__THE INPUT__:
========================================================================

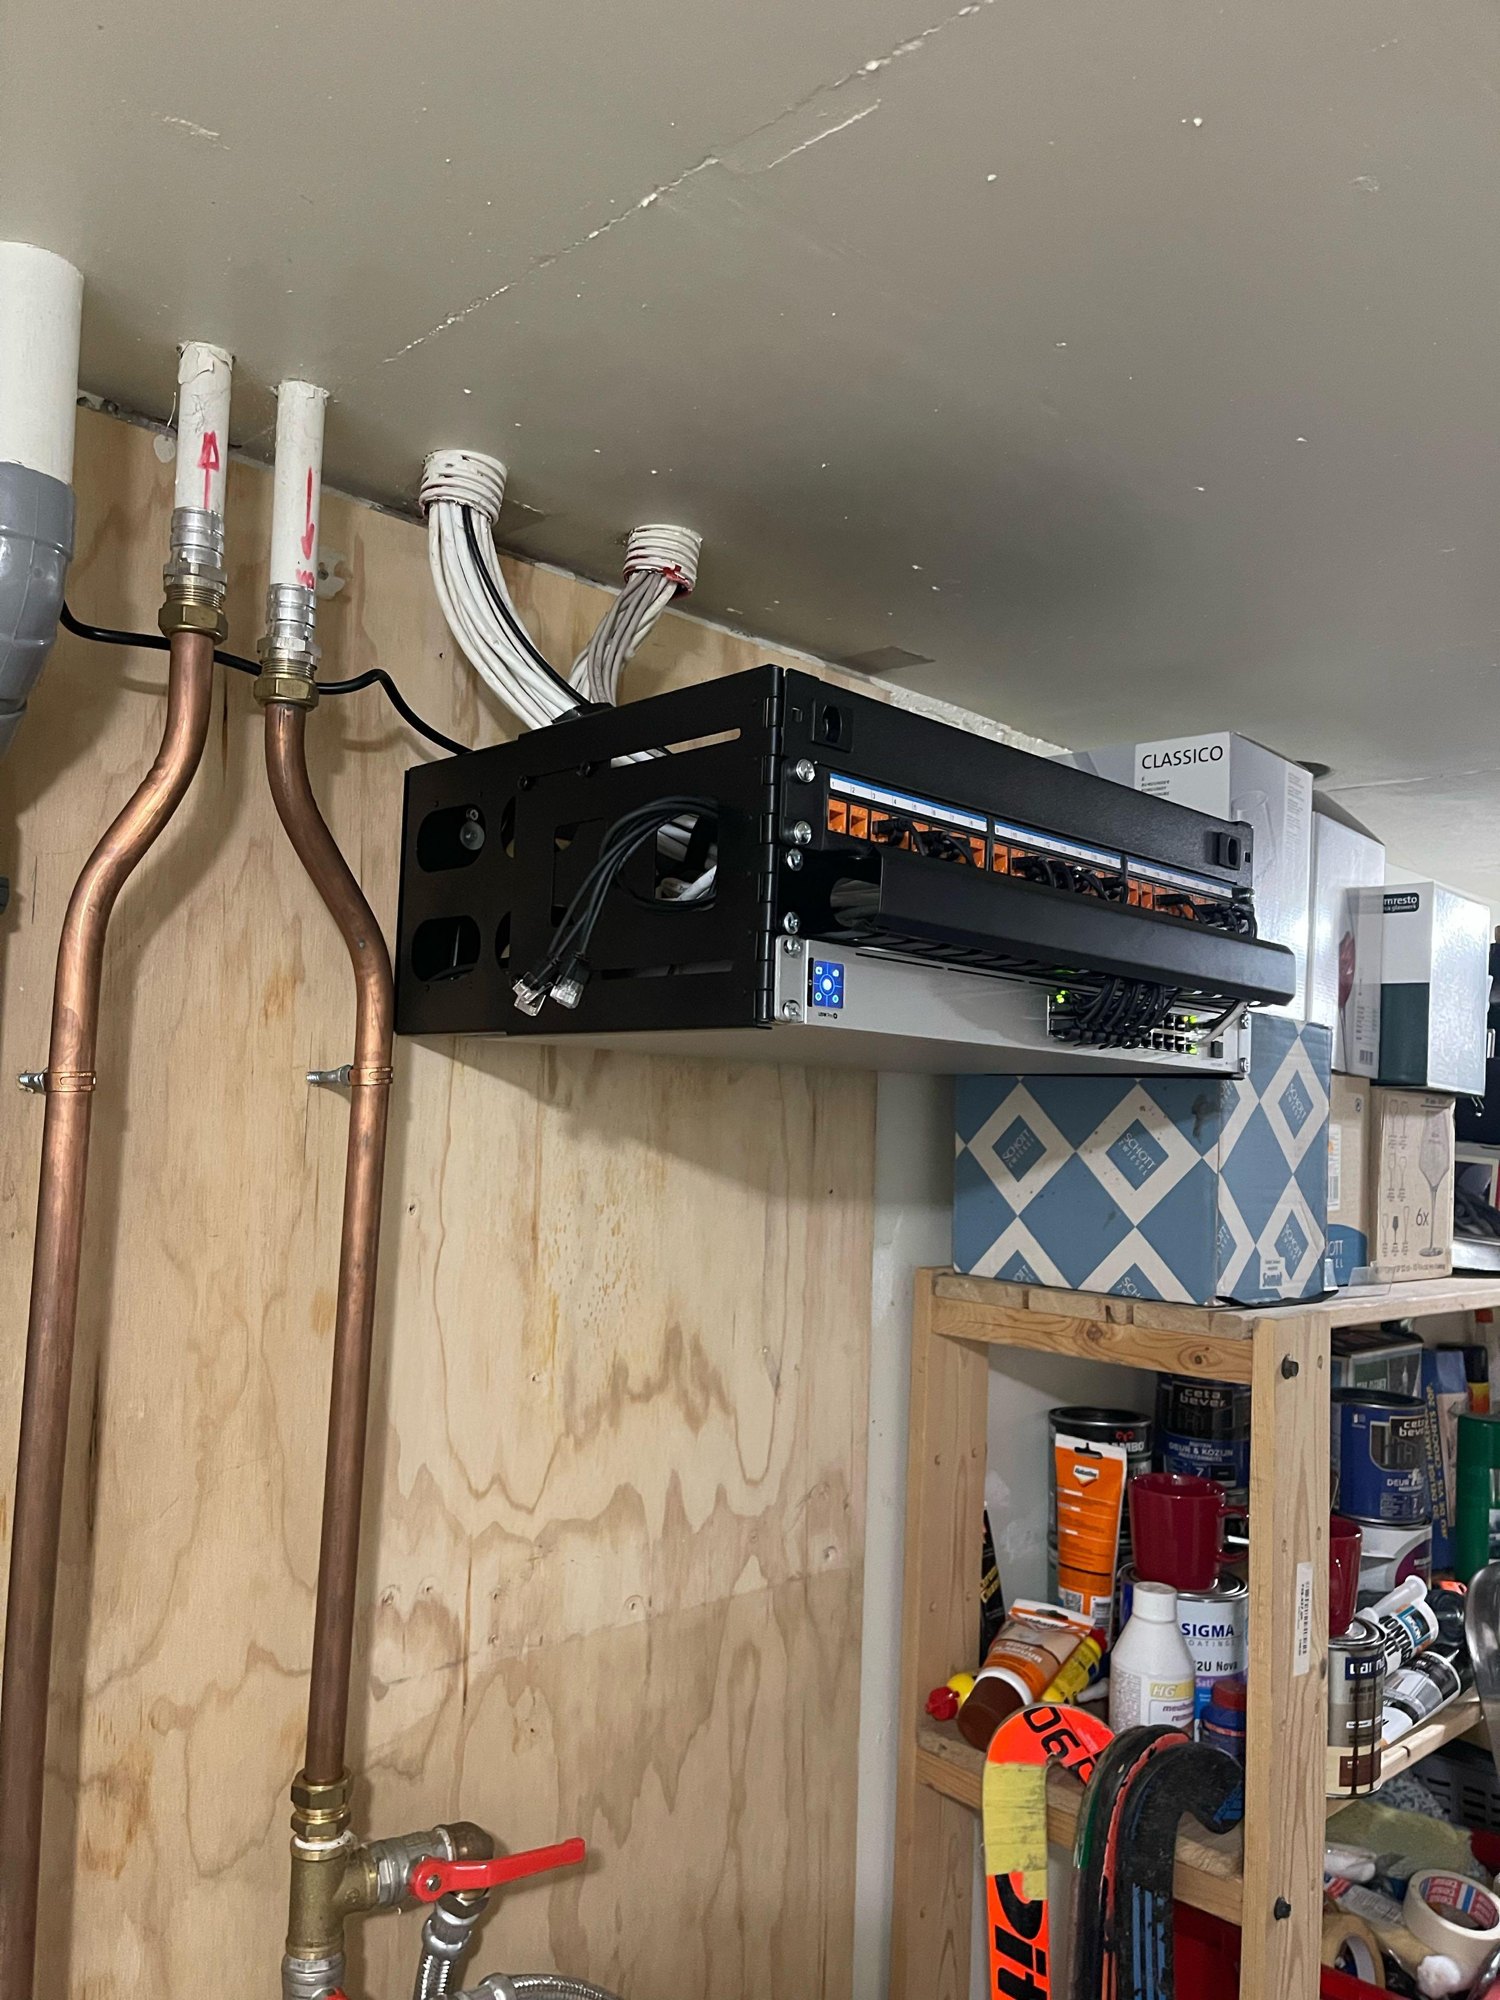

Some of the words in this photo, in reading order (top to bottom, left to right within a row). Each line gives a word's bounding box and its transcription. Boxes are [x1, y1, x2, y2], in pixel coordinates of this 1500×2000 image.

[1141, 745, 1224, 769] CLASSICO
[1002, 1129, 1030, 1159] SCHOTT
[1124, 1132, 1156, 1169] SCHOTT
[1180, 1392, 1226, 1408] bever
[1185, 1389, 1221, 1399] ceta
[1181, 1623, 1235, 1638] SIGMA
[1404, 1614, 1421, 1640] BISON
[1188, 1639, 1235, 1647] OATINGS
[1194, 1660, 1212, 1672] 2U
[1152, 1685, 1176, 1698] HG
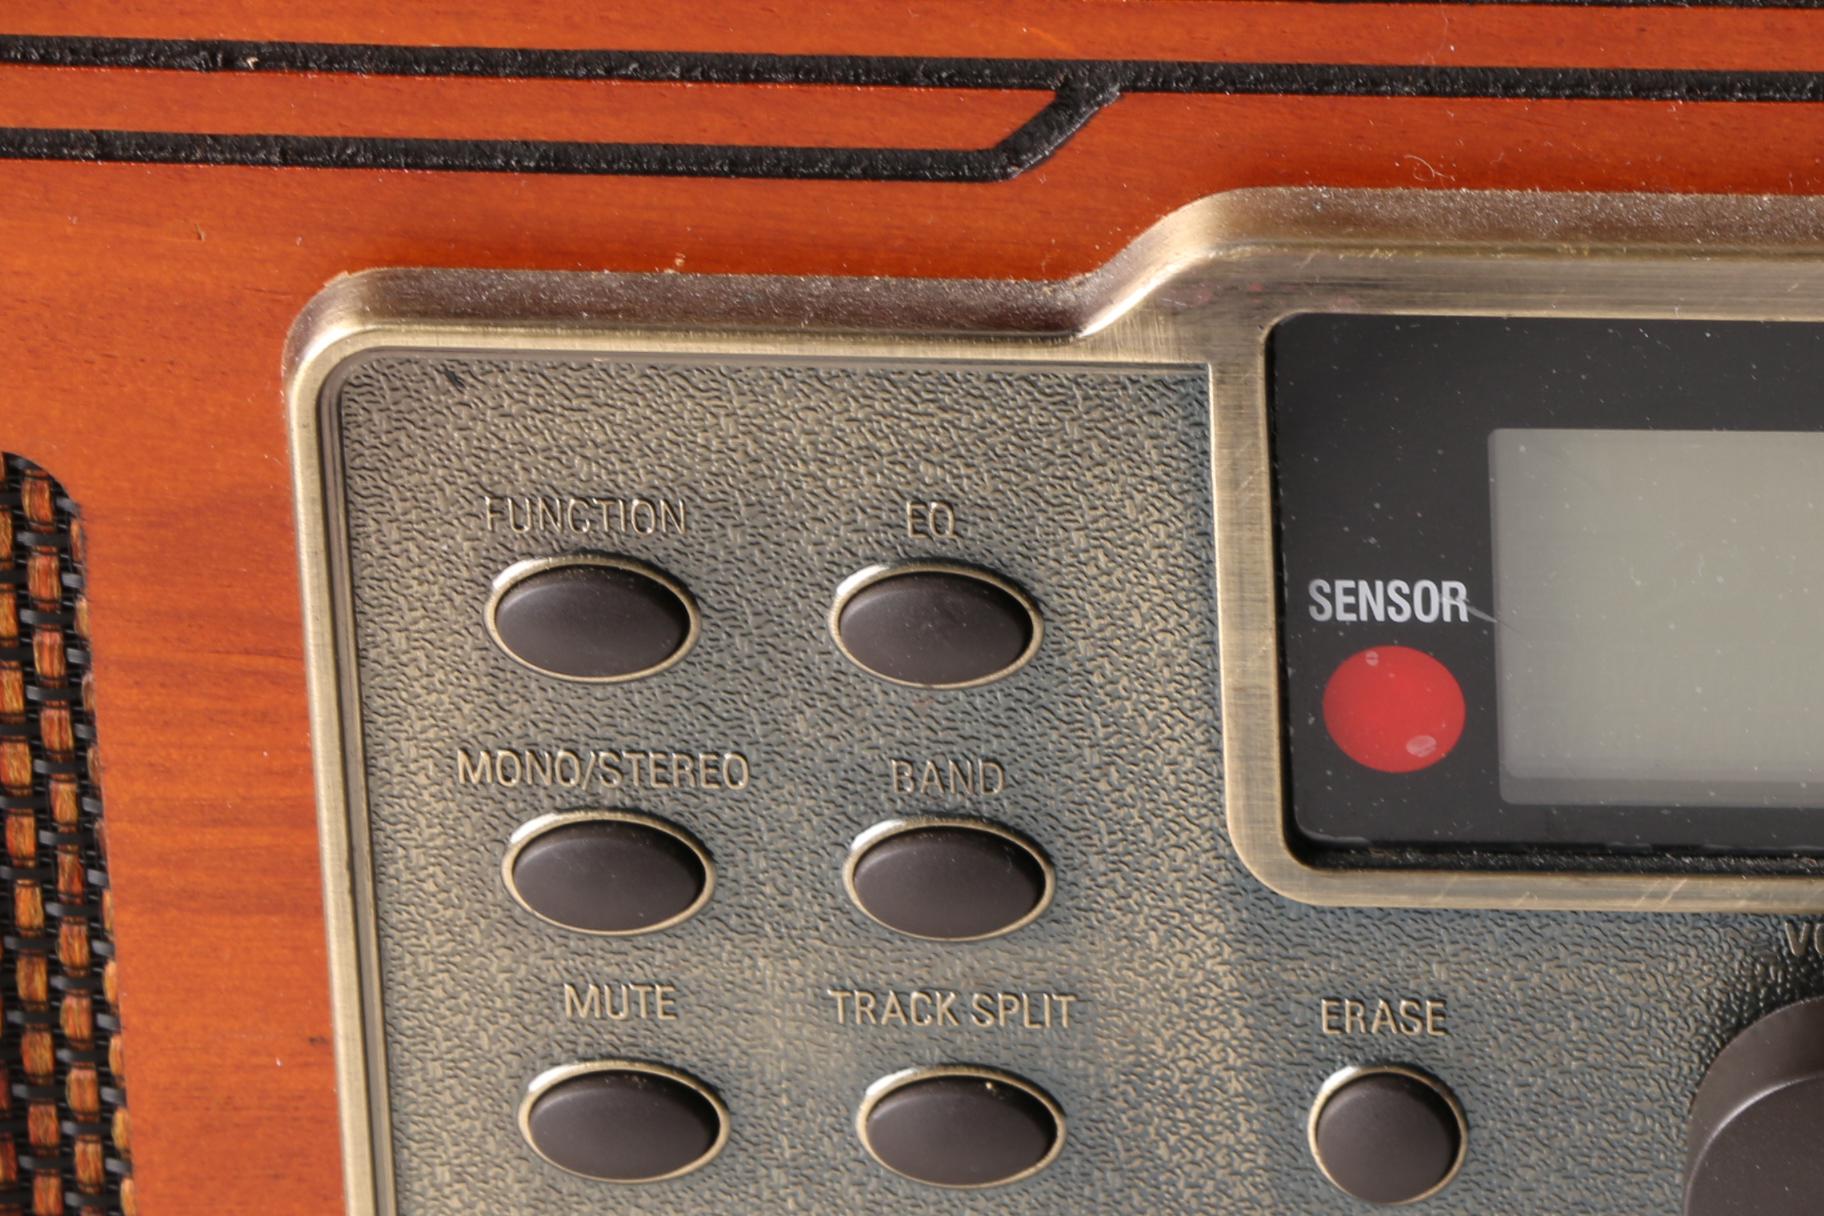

========================================================================

__REQUIRED WORK__:
Would you repeat the listing word for word and skip every picture?

__EXPECTED OUTPUT__:
Some of the words in this photo, in reading order (top to bottom, left to right within a row). Each line gives a word's bounding box and its transcription. Boxes are [x1, y1, x2, y2], in pixel coordinates of this 1500×2000 image.

[1141, 745, 1224, 769] CLASSICO
[1002, 1129, 1030, 1159] SCHOTT
[1124, 1132, 1156, 1169] SCHOTT
[1180, 1392, 1226, 1408] bever
[1185, 1389, 1221, 1399] ceta
[1181, 1623, 1235, 1638] SIGMA
[1404, 1614, 1421, 1640] BISON
[1188, 1639, 1235, 1647] OATINGS
[1194, 1660, 1212, 1672] 2U
[1152, 1685, 1176, 1698] HG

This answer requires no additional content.